Spinopelvic pathology causes impingement and may cumulate into the worst result: dislocation. To prevent impingement, increasing the distance between both articulating parts of the femur and the acetabulum may help [5658]. Matsushita et al. performed a cadaveric study investigating varying femoral offset and femoral head size on total hip arthroplasty impingement and dislocation. They concluded increasing offset would delay impingement, while increased head size would only increase jump distance. McGrory et al. evaluated 86 THAs in 64 patients and after checking hip range of motion and abduction strength concluded that greater femoral offset increased both of these measures [58]. Similarly, Innmann found better Harris Hip Scores (HHS) in patients with higher combined acetabular and femoral offset compared with normal or slightly decreased offset, suggesting a higher acetabular and femoral offset may provide some benefit [59]. Not all studies have reproduced this result, and while we understand lowering global offset leads to worse outcomes, increasing offset should be considered with caution as higher femoral offset may lead to more pain [60].

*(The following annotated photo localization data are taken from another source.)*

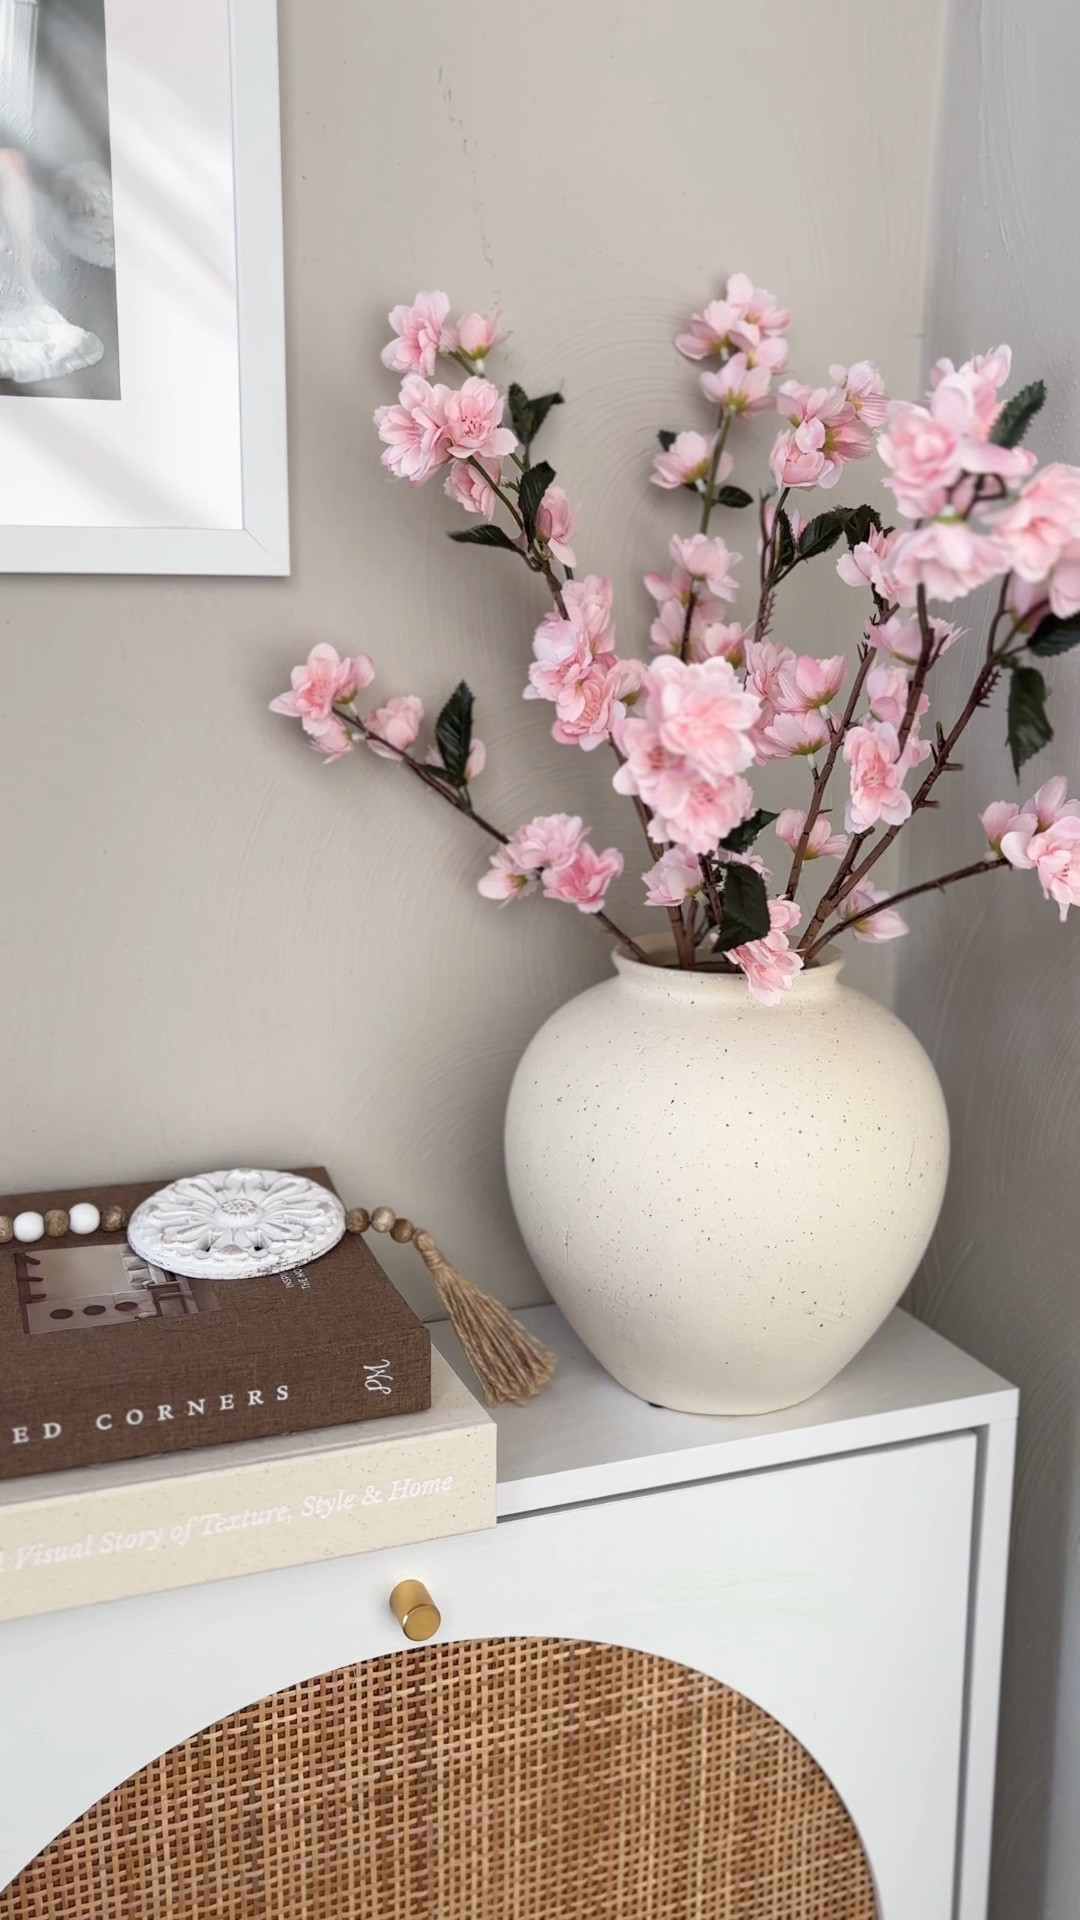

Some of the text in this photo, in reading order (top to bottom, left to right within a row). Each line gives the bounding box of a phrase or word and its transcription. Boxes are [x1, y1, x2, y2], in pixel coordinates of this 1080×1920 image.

[12, 1385, 289, 1444] ED CORNERS
[16, 1533, 92, 1570] Visual
[100, 1528, 163, 1553] Story
[170, 1515, 198, 1546] of
[201, 1507, 293, 1536] Texture,
[300, 1488, 356, 1519] Style
[362, 1484, 383, 1506] &
[388, 1475, 454, 1502] Home
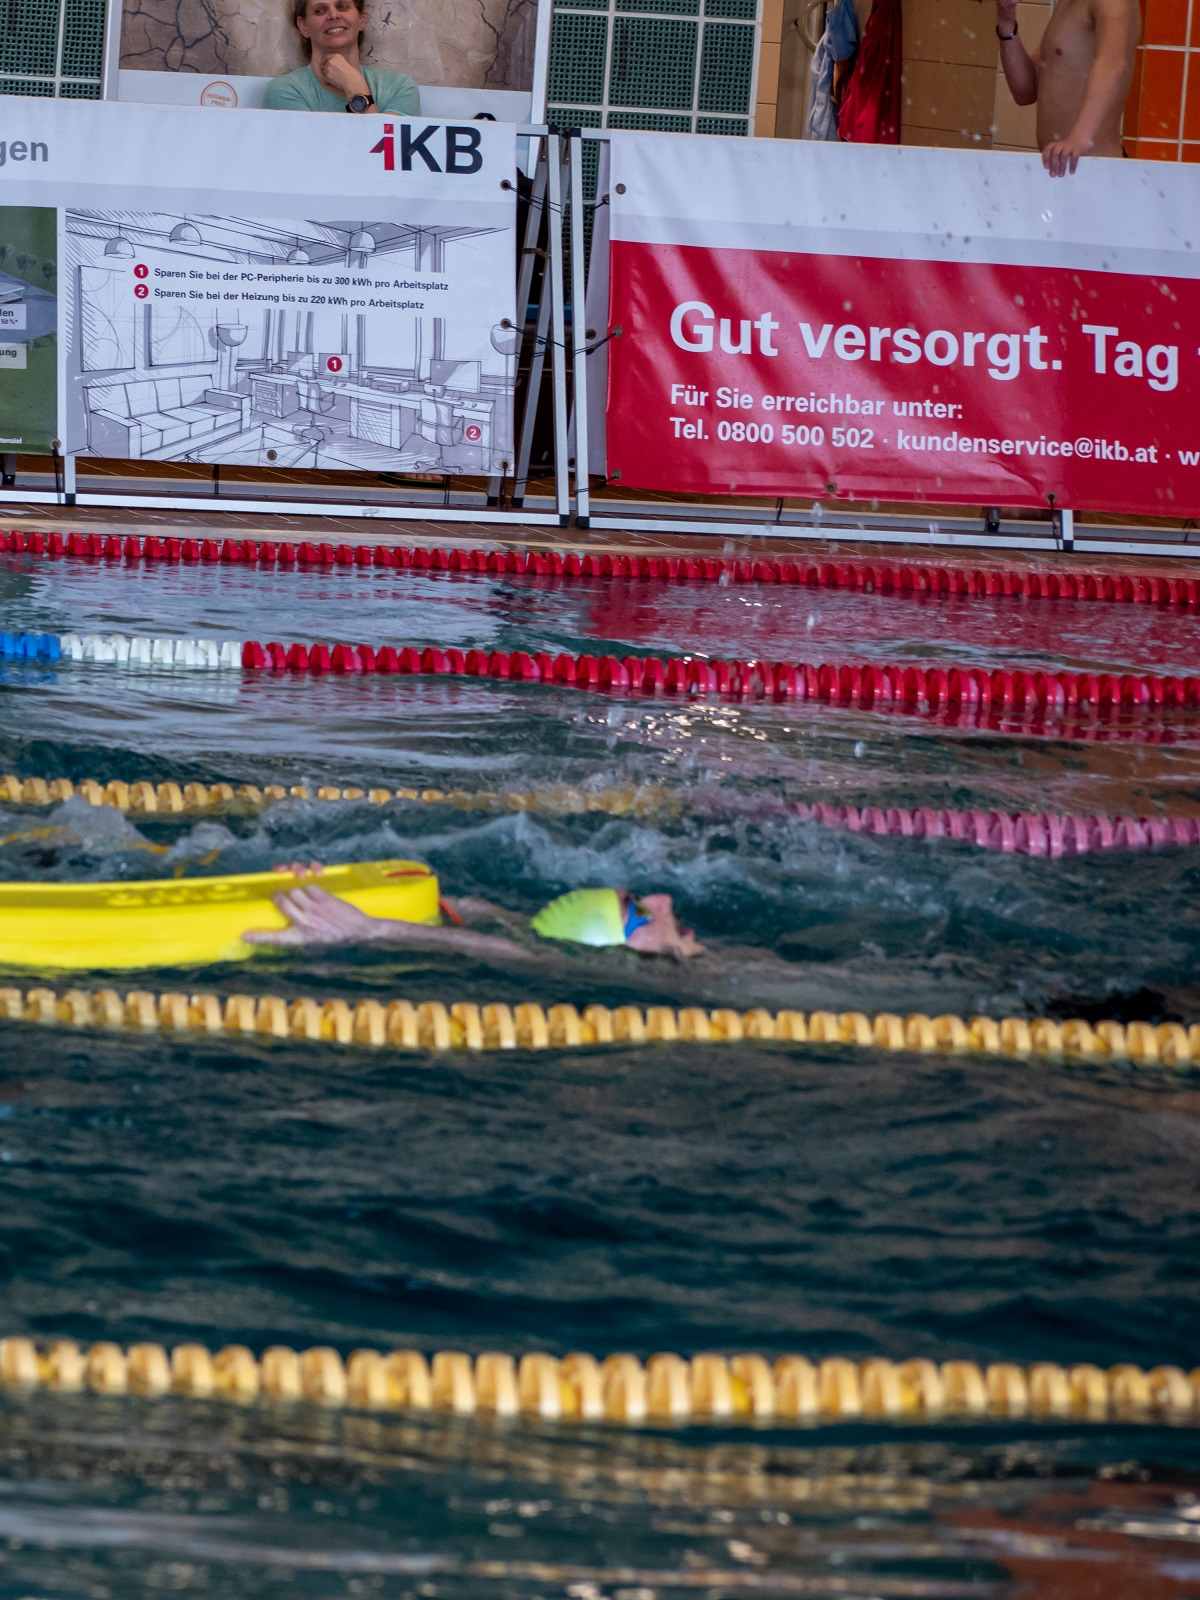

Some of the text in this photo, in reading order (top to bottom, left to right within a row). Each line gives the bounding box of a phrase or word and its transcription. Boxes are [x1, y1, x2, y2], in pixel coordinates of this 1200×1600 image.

Lastly, when undergoing hip arthroplasty surgery, it is important to consider what type of spinopelvic pathology the patient has and how the acetabulum and femur behave when going through a standard range of motion. Primary total hip arthroplasty in the setting of a stiff spine requiring increased femoral flexion may benefit from a dual mobility articulation or a high offset component. More care must go into evaluating and understanding the revision total hip arthroplasty as spinopelvic abnormalities play a larger role in these patients [24••]. In addition to dual mobility and high offset components, constrained liners may be needed, especially in the setting of abductor insufficiency. An important concept, impingement-free range of motion, will ensure a satisfactory outcome.

Conclusion

Technology, surgical technique, and implant design have dramatically lowered the dislocation rates of total hip arthroplasty. To lower them even more, it is important to understand how the pelvis behaves linked between the spine and the femur. Diagnosis and classification of spinopelvic motion will help the arthroplasty surgeon categorize the position of the cup and femur in sitting and standing positions and help implant these components to achieve an impingement-free range of motion. High offset femoral and acetabular liners, dual-mobility articulations, and constrained liners may lower the dislocation risk.

Compliance with Ethical Standards

Conflict of Interest

Zachary Lum, John Meehan, Mauro Giordani declare that they have no conflict of interest.

Human and Animal Rights and Informed Consent

This article does not contain any studies with human or animal subjects performed by any of the authors.